Wendy and Hylton Applebaum famously play piped baroque music through loudspeakers in their vineyards, which may help to explain the rapidly increasing quality of their wines. But surely more significant are the brilliance of young winemaker Carl van der Merwe (who arrived in 2010) and the move towards greater concentration on the white grapes to which their soils are best suited. The Chenin, the Chardonnay and a Mediterranean blend called Maestro are all equally delicious in 2015. Recent plantings will increase future volumes. Decanter Magazine  (Oct 2016)

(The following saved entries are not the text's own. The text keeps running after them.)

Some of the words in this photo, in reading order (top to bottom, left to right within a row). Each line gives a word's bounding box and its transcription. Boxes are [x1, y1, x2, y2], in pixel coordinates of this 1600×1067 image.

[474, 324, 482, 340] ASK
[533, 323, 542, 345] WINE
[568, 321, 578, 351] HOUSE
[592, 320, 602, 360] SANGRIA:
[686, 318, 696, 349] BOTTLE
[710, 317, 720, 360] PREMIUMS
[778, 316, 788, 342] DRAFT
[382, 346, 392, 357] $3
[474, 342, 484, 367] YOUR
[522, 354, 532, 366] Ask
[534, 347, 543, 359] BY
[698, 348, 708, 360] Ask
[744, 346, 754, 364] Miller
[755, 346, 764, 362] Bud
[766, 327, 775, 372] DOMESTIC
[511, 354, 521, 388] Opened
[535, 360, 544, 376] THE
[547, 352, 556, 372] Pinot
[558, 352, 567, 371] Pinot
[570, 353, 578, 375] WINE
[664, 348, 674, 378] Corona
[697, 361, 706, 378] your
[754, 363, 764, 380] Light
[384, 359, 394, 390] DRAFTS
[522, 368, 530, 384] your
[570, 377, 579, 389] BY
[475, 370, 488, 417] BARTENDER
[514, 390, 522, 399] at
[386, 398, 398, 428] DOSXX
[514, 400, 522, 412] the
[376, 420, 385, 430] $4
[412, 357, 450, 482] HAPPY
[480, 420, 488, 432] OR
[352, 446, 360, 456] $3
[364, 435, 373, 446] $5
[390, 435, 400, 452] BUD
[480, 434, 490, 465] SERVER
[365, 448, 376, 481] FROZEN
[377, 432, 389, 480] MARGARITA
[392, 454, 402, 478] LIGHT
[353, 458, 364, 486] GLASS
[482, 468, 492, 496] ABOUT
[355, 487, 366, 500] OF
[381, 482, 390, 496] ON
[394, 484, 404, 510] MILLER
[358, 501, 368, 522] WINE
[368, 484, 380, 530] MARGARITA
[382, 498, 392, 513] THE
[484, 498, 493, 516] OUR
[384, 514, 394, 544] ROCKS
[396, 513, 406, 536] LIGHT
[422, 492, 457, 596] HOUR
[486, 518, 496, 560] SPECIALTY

Two years ago, the 2012 vintage of this wine (Maestro White) won the South African Regional Trophy for Best White Blend under £15 - and now DeMorgenzon's Maestro 2014 has gone one better and taken an International Trophy home to Stellenbosch. In doing so, it beat two French rivals, one from Languedoc and the other from Gaillac. What's the secret? It might be the eclectic mix of grape varieties, or the 10 month's ageing in small French oak barrels and cement eggs. Vineyard location may also play its part. DeMorgenzon translates as 'morning sun', and the estate's grapes catch the first rays of the day in the Stellenboschkloof valley, vines covering the top southern and eastern slopes of Ribbokkop, overlooking the distinctive peak of Kanonkop. DeMorgenzon's high-altitude hinterland can be challenging for vine-growing, such is the steepness of the slopes, but the pay-off is a variety of microclimates. This facilitates the growing of an array of grape varieties, thus increasing the blending options open to winemaker Carl van der Merwe. But perhaps the true secret of DeMorgenzon's success lies in music - from which this Trophy-winner takes its name. Vines and maturing wines alike have baroque music constantly playing in the background, thanks to speakers strategically positioned in the vineyard and cellar. Owners Wendy and Hylton Appelbaum admit that 'not much scientific investigation' has been undertaken to calculate the benefits of this tuneful accompaniment, but it certainly seems to be working so far. Decanter World Wine Awards 2015  (Jul 2015)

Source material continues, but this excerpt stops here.